How stress can add 35 years to how you feel

Dr. Frank Shallenberger, MD

June 13, 2022


You probably already know that stress can wreak havoc on your health. But it can really have a dramatic impact on your metabolism.

I will never forget the amazing case of Anna. She taught me more about stress than any medical journal ever could.

When I first met Anna, she was 63 years old. When I tested her mitochondrial function using Bio-Energy Testing, she tested out with the mitochondrial function of a 35-year-old fast oxidizer. I was not all that surprised.

She had regularly exercised all of her adult life. She ate well and lived a balanced life. And she took hormones and plenty of supplements. She asked me, “What do you recommend that I do?” I simply told her to just stay with what she was already doing. It was clearly working. But just to be sure, I told her to come in for another Bio-Energy Testing in a year.

The next year she returned, and I retested her. Even though she was another year older, the results were the same. This time I told her to wait two years for the next test.

Two years later, when she was 66, I saw her again.

To my surprise, her mitochondrial function had decreased almost 50%. She was no longer super woman. In fact, she was now functioning along the lines of the typical 66 year old. I asked her what had happened.

I was sure she was going to tell me that she had stopped exercising, or that she had stopped taking her hormones or supplements. No, that was not the case. Everything about her life had remained completely the same. Everything, that is, except for one thing — stress.
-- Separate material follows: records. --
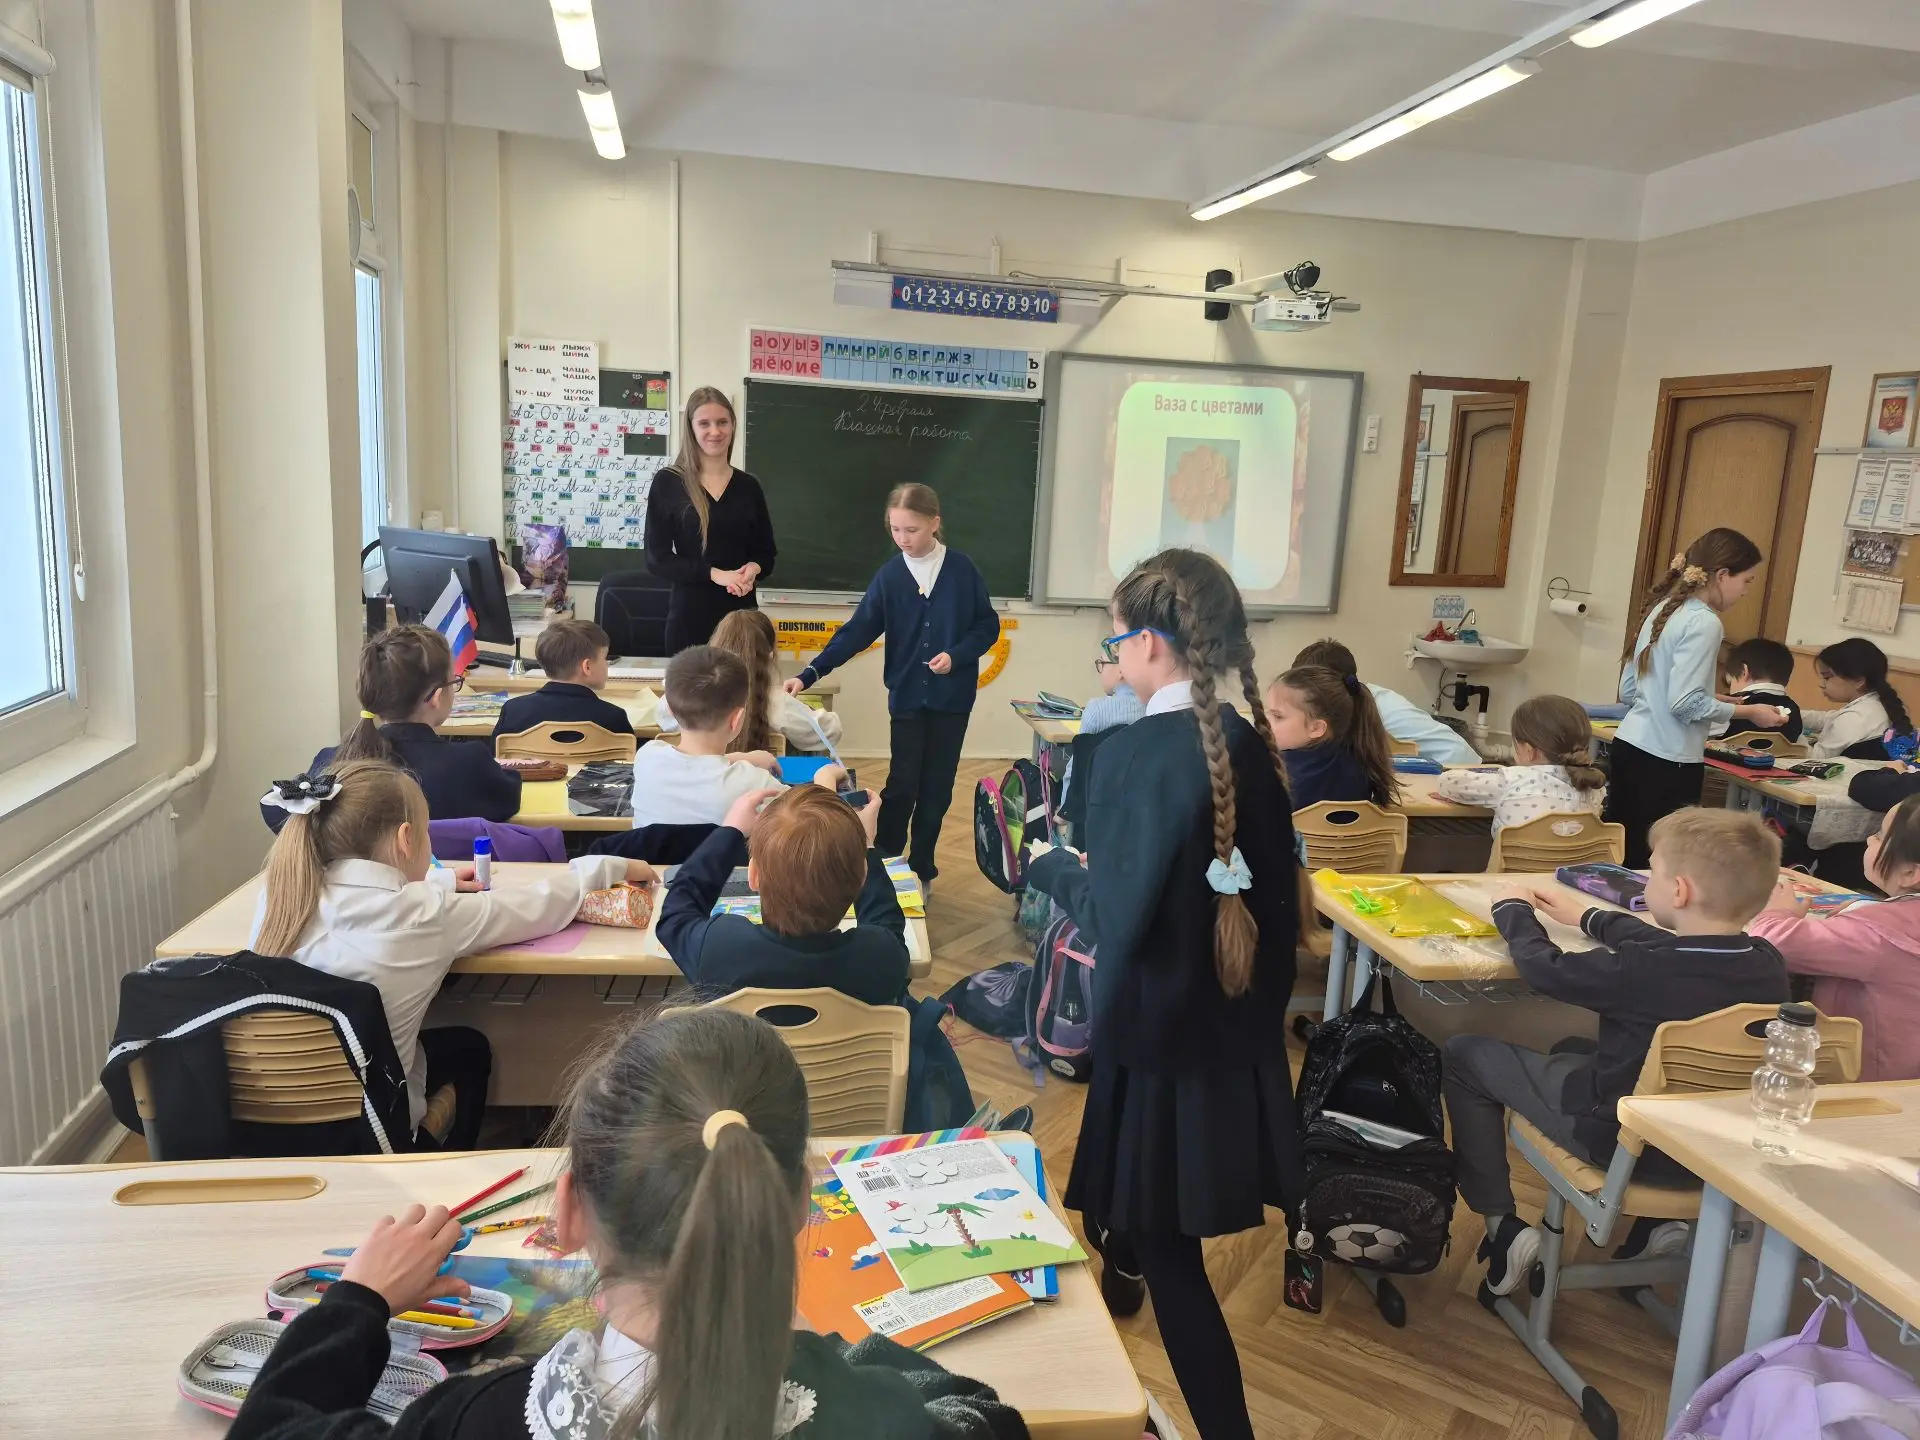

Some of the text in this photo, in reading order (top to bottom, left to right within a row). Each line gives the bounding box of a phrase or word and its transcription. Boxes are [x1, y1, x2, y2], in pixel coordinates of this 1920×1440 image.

[514, 342, 530, 350] ЖИ
[539, 344, 555, 352] ШИ
[536, 367, 552, 375] ЩА
[562, 366, 590, 374] ЧАЩА
[562, 373, 597, 381] ЧАШКА
[536, 390, 552, 398] ЩУ
[563, 388, 594, 396] ЧУЛОК
[1154, 394, 1264, 416] Ваза с цветами
[907, 423, 974, 447] работа
[778, 622, 826, 632] EDUSTRONG
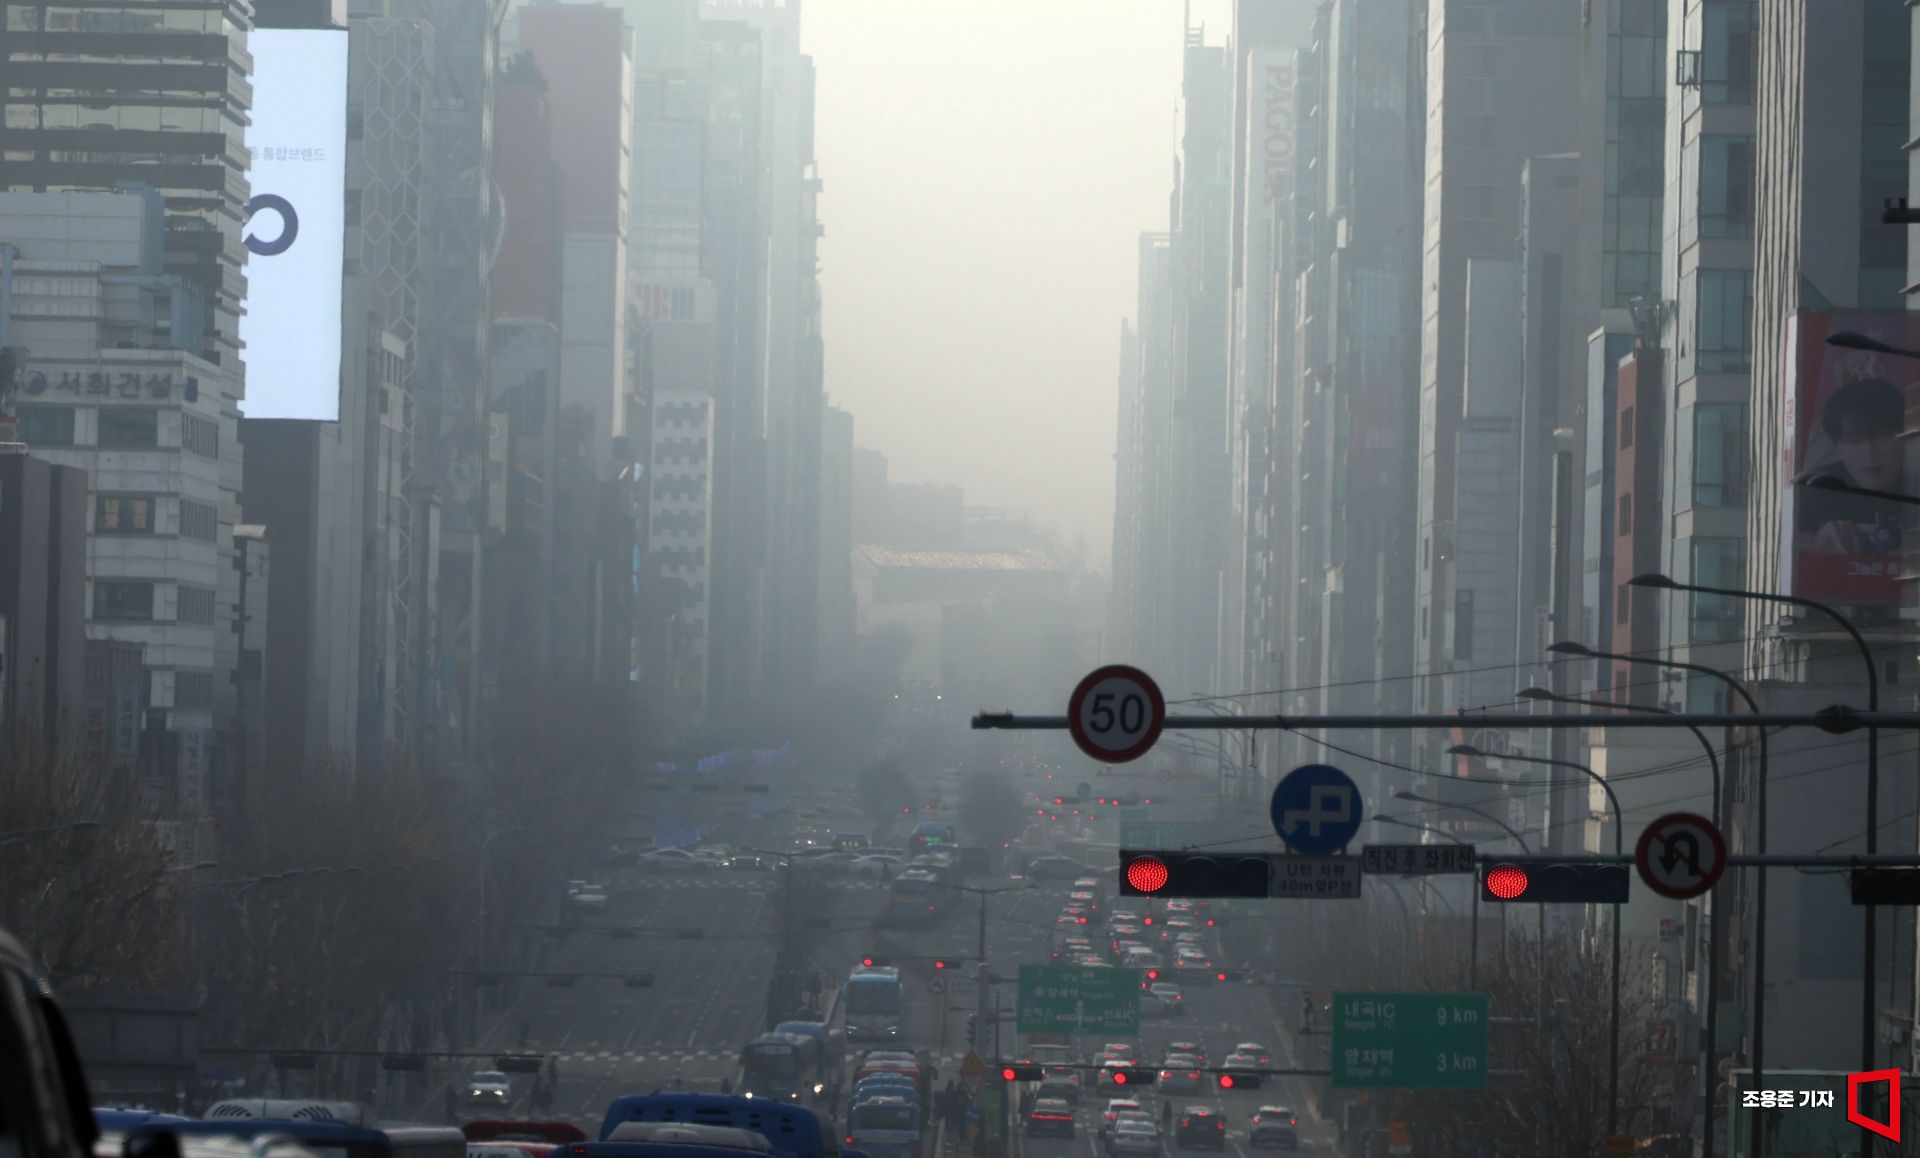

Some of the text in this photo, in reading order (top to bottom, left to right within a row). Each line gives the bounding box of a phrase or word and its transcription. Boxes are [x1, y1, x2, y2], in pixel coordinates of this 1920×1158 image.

[263, 146, 326, 161] 통합브랜드
[57, 372, 171, 399] 서희건설
[1089, 693, 1144, 734] 50
[1287, 863, 1345, 878] U턴 차량
[1367, 848, 1471, 871] 직진 후 좌회전
[1344, 1000, 1478, 1025] 내곡IC 9 km
[1344, 1047, 1478, 1072] 양재역 3 km
About nine months prior to this last test, her mom had moved in with her. Her mom had Alzheimer’s disease. For the previous nine months, Anna had not slept well. And she was constantly worried about one thing or another.

Eventually, two months before this last test, her mom became sick and died. Keep in mind that while all of this was going on, Anna had continued to eat the same, exercise the same, and so forth. The only factor that was different was stress. In only nine months, stress had dramatically reduced her mitochondrial function to little more than half of what it had been all her life.

The moral of this story is don’t accept prolonged stress as being something that doesn’t have to be dealt with. Make sure you’re monitoring your mitochondrial status and taking the right measures before it’s too late.

I would say on average that about 85% of all my patients with significant diseases report that the disease stared after 6-12 months of stress. The problem is that many people when under stress stop taking care of themselves. That’s not a good idea.

When we’re over stressed, it’s the time to tighten up on our lifestyle until the stress is over.